I have been a little quiet recently, I realize that. It's not that I don't WANT to update you guys, it's just that I don't really have anything exciting or special to report. In fact, I've been pretty bummed and down since the KDF Mini-Marathon.
I know what you're thinking--I've got those Post-Race Blues. You know, the Blues when you finish your BIG RACE and you look around and say, "Now what?" And you get all anxious because nothing will ever compare to that feeling of accomplishment you just experienced. Or something like that.
Well, if that's what you were thinking, you're wrong. The night before the Mini, I hurt myself. I have been calling it a hamstring tear. I have not had it professionally evaluated but I gave it my best guess. I don't need to hear about how I should go see the doctor. I've heard it before.

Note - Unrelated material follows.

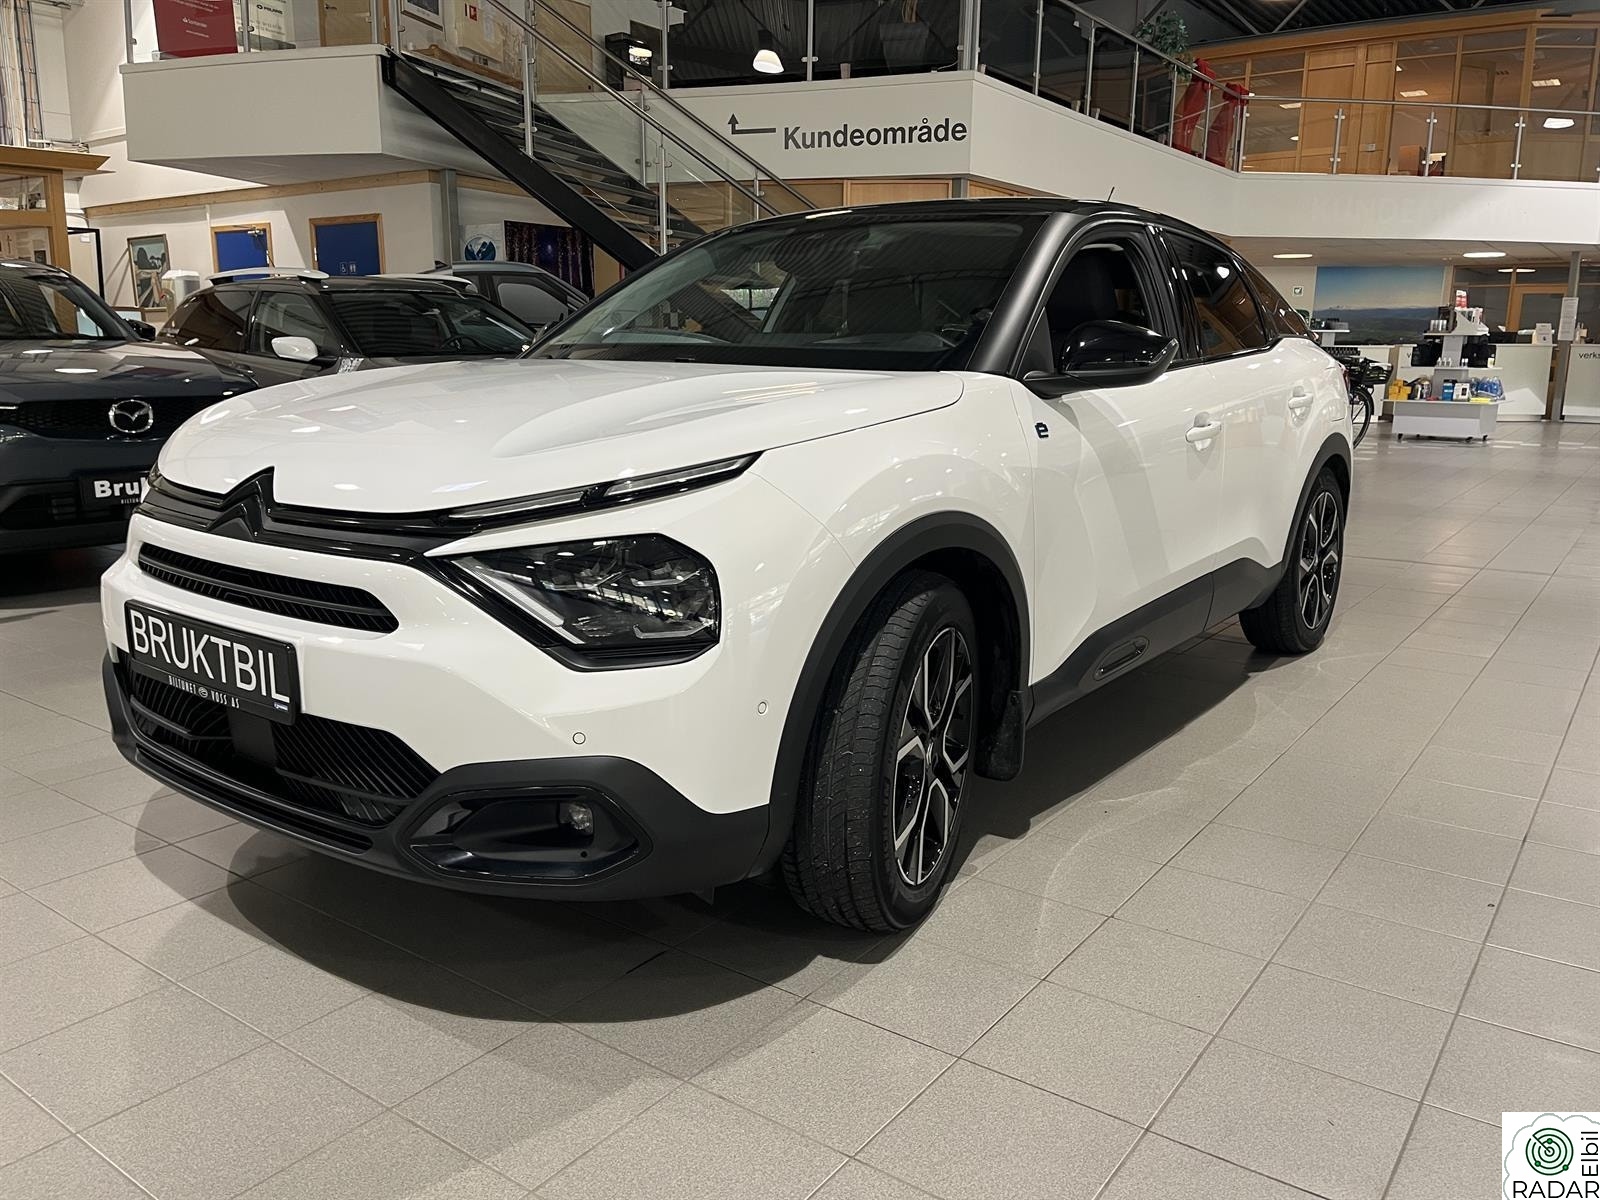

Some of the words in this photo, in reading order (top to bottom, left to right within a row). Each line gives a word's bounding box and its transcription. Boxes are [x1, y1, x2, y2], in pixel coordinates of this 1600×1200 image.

[784, 117, 967, 150] Kundeområde
[129, 608, 290, 704] BRUKTBIL
[210, 690, 228, 705] VOSS
[231, 697, 240, 709] AS

So I ran with that injury during the Half Marathon. I was in severe pain for the last 4 miles or so, but I pushed through. I stayed off of it for about two weeks after--no running. I was okay with that because I had planned a pretty substantial rest period after the race anyway. But I got the bug to start running again and I felt no pain so I went for it. 2.5 miles in, I was in pain again. So now, I'm going on one month of *pretty much* no running and I'm SO frustrated. I WANT to run.
I was supposed to be training for my 10K in June but I haven't even been able to start because of this injury. I'm just bummed.
I've been cycling and doing P90X, plus a lot of strength training and plyometrics but those activities don't make me feel the way (the GREAT way) I feel when I run. I MISS IT.
I figured that I better start planning something for myself so that I don't get stuck in a RUT and do myself a huge injustice. This is hard for me because THIS round of planning requires wisdom, patience, determination and honesty.
1. Wisdom--to know the difference between the things I can do and the things I cannot do. (Sounds sort of like the Serenity Prayer, huh?)
2. Patience--in allowing my body to heal and in training when I DO start running again.
3. Determination--to fight through the laziness and stay focused on a target goal since I don't have a race urgently waiting for me around the corner.
4. Honesty--with myself. I can't conquer the world. I HAVE to heal. I WON'T be as good when I start running again as I was when I stopped. I WILL have to work hard. I WON'T be able to keep up with my running buddies. I MIGHT get down on myself. I will probably feel alone for awhile. I WILL get better. Everything WILL be great, in time.
So now, I have to create some goals and make a plan. That'll be the next entry--just wait!